=== Task description ===
Print every line below without adding or leaving out a single word.

(Saved data entries)

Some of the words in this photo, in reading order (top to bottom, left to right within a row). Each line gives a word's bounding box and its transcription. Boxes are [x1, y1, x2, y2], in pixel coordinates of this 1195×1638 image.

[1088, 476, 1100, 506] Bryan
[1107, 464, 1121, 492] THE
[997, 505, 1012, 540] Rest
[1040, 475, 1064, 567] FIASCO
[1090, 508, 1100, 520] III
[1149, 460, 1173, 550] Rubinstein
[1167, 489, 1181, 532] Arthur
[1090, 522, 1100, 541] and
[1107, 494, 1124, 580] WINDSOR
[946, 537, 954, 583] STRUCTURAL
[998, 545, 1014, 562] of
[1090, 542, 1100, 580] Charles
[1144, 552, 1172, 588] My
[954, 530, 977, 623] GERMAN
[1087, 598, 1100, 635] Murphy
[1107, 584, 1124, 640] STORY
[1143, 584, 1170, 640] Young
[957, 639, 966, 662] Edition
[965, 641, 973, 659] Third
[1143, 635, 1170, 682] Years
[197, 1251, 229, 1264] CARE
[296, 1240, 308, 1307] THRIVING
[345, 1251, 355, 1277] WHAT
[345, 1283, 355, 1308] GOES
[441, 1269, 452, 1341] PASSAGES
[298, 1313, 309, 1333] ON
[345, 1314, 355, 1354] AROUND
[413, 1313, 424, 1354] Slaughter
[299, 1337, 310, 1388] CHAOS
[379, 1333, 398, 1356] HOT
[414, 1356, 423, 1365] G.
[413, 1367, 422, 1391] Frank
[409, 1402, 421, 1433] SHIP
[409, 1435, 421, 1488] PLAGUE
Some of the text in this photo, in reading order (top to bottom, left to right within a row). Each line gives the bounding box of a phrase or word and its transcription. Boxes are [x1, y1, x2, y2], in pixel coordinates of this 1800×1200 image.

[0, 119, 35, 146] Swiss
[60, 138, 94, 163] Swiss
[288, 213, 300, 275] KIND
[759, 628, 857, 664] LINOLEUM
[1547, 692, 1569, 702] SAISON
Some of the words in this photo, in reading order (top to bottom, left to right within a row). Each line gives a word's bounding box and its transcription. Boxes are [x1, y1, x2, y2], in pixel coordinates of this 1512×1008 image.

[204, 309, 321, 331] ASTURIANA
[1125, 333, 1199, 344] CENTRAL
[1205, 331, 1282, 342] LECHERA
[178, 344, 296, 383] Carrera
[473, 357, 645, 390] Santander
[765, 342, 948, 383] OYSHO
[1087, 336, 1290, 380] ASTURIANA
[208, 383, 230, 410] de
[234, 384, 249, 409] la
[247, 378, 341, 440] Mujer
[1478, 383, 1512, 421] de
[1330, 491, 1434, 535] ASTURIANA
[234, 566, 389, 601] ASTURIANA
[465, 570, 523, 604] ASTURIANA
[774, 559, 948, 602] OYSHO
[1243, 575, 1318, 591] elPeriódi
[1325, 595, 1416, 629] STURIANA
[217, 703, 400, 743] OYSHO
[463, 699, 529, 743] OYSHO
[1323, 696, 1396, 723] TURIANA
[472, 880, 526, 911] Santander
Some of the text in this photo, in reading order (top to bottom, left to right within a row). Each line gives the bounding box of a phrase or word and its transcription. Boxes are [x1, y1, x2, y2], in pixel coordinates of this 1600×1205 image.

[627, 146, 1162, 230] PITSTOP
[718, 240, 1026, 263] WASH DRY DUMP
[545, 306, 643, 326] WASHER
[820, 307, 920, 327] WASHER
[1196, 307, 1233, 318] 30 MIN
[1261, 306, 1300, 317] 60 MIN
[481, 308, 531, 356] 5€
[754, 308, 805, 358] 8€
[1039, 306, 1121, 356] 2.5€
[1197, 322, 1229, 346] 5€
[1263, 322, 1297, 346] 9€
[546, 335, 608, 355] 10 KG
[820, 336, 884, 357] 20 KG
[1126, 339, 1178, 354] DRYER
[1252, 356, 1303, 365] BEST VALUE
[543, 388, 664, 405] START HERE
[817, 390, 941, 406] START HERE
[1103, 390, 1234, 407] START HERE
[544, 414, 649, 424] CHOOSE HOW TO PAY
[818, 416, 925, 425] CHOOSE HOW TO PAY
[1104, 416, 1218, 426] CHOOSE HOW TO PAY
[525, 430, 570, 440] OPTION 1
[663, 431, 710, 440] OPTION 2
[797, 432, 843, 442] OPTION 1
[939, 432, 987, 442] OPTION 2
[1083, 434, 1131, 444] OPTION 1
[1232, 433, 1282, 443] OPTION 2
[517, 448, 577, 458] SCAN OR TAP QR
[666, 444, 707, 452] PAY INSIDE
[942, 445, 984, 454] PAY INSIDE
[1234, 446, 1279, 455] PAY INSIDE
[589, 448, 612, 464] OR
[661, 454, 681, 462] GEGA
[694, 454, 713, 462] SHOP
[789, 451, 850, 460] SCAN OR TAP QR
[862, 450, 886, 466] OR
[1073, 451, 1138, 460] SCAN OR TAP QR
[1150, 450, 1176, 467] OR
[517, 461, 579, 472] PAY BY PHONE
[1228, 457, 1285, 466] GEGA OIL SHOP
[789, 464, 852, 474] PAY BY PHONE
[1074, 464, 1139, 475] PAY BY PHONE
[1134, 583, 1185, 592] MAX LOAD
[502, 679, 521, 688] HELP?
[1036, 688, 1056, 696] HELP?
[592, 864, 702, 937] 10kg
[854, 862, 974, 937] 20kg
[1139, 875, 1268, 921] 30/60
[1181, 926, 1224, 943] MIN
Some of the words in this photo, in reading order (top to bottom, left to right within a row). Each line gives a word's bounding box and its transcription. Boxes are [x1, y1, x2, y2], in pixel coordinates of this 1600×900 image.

=== Answer for the task ===
Some of the words in this photo, in reading order (top to bottom, left to right within a row). Each line gives a word's bounding box and its transcription. Boxes are [x1, y1, x2, y2], in pixel coordinates of this 1195×1638 image.

[1088, 476, 1100, 506] Bryan
[1107, 464, 1121, 492] THE
[997, 505, 1012, 540] Rest
[1040, 475, 1064, 567] FIASCO
[1090, 508, 1100, 520] III
[1149, 460, 1173, 550] Rubinstein
[1167, 489, 1181, 532] Arthur
[1090, 522, 1100, 541] and
[1107, 494, 1124, 580] WINDSOR
[946, 537, 954, 583] STRUCTURAL
[998, 545, 1014, 562] of
[1090, 542, 1100, 580] Charles
[1144, 552, 1172, 588] My
[954, 530, 977, 623] GERMAN
[1087, 598, 1100, 635] Murphy
[1107, 584, 1124, 640] STORY
[1143, 584, 1170, 640] Young
[957, 639, 966, 662] Edition
[965, 641, 973, 659] Third
[1143, 635, 1170, 682] Years
[197, 1251, 229, 1264] CARE
[296, 1240, 308, 1307] THRIVING
[345, 1251, 355, 1277] WHAT
[345, 1283, 355, 1308] GOES
[441, 1269, 452, 1341] PASSAGES
[298, 1313, 309, 1333] ON
[345, 1314, 355, 1354] AROUND
[413, 1313, 424, 1354] Slaughter
[299, 1337, 310, 1388] CHAOS
[379, 1333, 398, 1356] HOT
[414, 1356, 423, 1365] G.
[413, 1367, 422, 1391] Frank
[409, 1402, 421, 1433] SHIP
[409, 1435, 421, 1488] PLAGUE
Some of the text in this photo, in reading order (top to bottom, left to right within a row). Each line gives the bounding box of a phrase or word and its transcription. Boxes are [x1, y1, x2, y2], in pixel coordinates of this 1800×1200 image.

[0, 119, 35, 146] Swiss
[60, 138, 94, 163] Swiss
[288, 213, 300, 275] KIND
[759, 628, 857, 664] LINOLEUM
[1547, 692, 1569, 702] SAISON
Some of the words in this photo, in reading order (top to bottom, left to right within a row). Each line gives a word's bounding box and its transcription. Boxes are [x1, y1, x2, y2], in pixel coordinates of this 1512×1008 image.

[204, 309, 321, 331] ASTURIANA
[1125, 333, 1199, 344] CENTRAL
[1205, 331, 1282, 342] LECHERA
[178, 344, 296, 383] Carrera
[473, 357, 645, 390] Santander
[765, 342, 948, 383] OYSHO
[1087, 336, 1290, 380] ASTURIANA
[208, 383, 230, 410] de
[234, 384, 249, 409] la
[247, 378, 341, 440] Mujer
[1478, 383, 1512, 421] de
[1330, 491, 1434, 535] ASTURIANA
[234, 566, 389, 601] ASTURIANA
[465, 570, 523, 604] ASTURIANA
[774, 559, 948, 602] OYSHO
[1243, 575, 1318, 591] elPeriódi
[1325, 595, 1416, 629] STURIANA
[217, 703, 400, 743] OYSHO
[463, 699, 529, 743] OYSHO
[1323, 696, 1396, 723] TURIANA
[472, 880, 526, 911] Santander
Some of the text in this photo, in reading order (top to bottom, left to right within a row). Each line gives the bounding box of a phrase or word and its transcription. Boxes are [x1, y1, x2, y2], in pixel coordinates of this 1600×1205 image.

[627, 146, 1162, 230] PITSTOP
[718, 240, 1026, 263] WASH DRY DUMP
[545, 306, 643, 326] WASHER
[820, 307, 920, 327] WASHER
[1196, 307, 1233, 318] 30 MIN
[1261, 306, 1300, 317] 60 MIN
[481, 308, 531, 356] 5€
[754, 308, 805, 358] 8€
[1039, 306, 1121, 356] 2.5€
[1197, 322, 1229, 346] 5€
[1263, 322, 1297, 346] 9€
[546, 335, 608, 355] 10 KG
[820, 336, 884, 357] 20 KG
[1126, 339, 1178, 354] DRYER
[1252, 356, 1303, 365] BEST VALUE
[543, 388, 664, 405] START HERE
[817, 390, 941, 406] START HERE
[1103, 390, 1234, 407] START HERE
[544, 414, 649, 424] CHOOSE HOW TO PAY
[818, 416, 925, 425] CHOOSE HOW TO PAY
[1104, 416, 1218, 426] CHOOSE HOW TO PAY
[525, 430, 570, 440] OPTION 1
[663, 431, 710, 440] OPTION 2
[797, 432, 843, 442] OPTION 1
[939, 432, 987, 442] OPTION 2
[1083, 434, 1131, 444] OPTION 1
[1232, 433, 1282, 443] OPTION 2
[517, 448, 577, 458] SCAN OR TAP QR
[666, 444, 707, 452] PAY INSIDE
[942, 445, 984, 454] PAY INSIDE
[1234, 446, 1279, 455] PAY INSIDE
[589, 448, 612, 464] OR
[661, 454, 681, 462] GEGA
[694, 454, 713, 462] SHOP
[789, 451, 850, 460] SCAN OR TAP QR
[862, 450, 886, 466] OR
[1073, 451, 1138, 460] SCAN OR TAP QR
[1150, 450, 1176, 467] OR
[517, 461, 579, 472] PAY BY PHONE
[1228, 457, 1285, 466] GEGA OIL SHOP
[789, 464, 852, 474] PAY BY PHONE
[1074, 464, 1139, 475] PAY BY PHONE
[1134, 583, 1185, 592] MAX LOAD
[502, 679, 521, 688] HELP?
[1036, 688, 1056, 696] HELP?
[592, 864, 702, 937] 10kg
[854, 862, 974, 937] 20kg
[1139, 875, 1268, 921] 30/60
[1181, 926, 1224, 943] MIN
Some of the words in this photo, in reading order (top to bottom, left to right within a row). Each line gives a word's bounding box and its transcription. Boxes are [x1, y1, x2, y2], in pixel coordinates of this 1600×900 image.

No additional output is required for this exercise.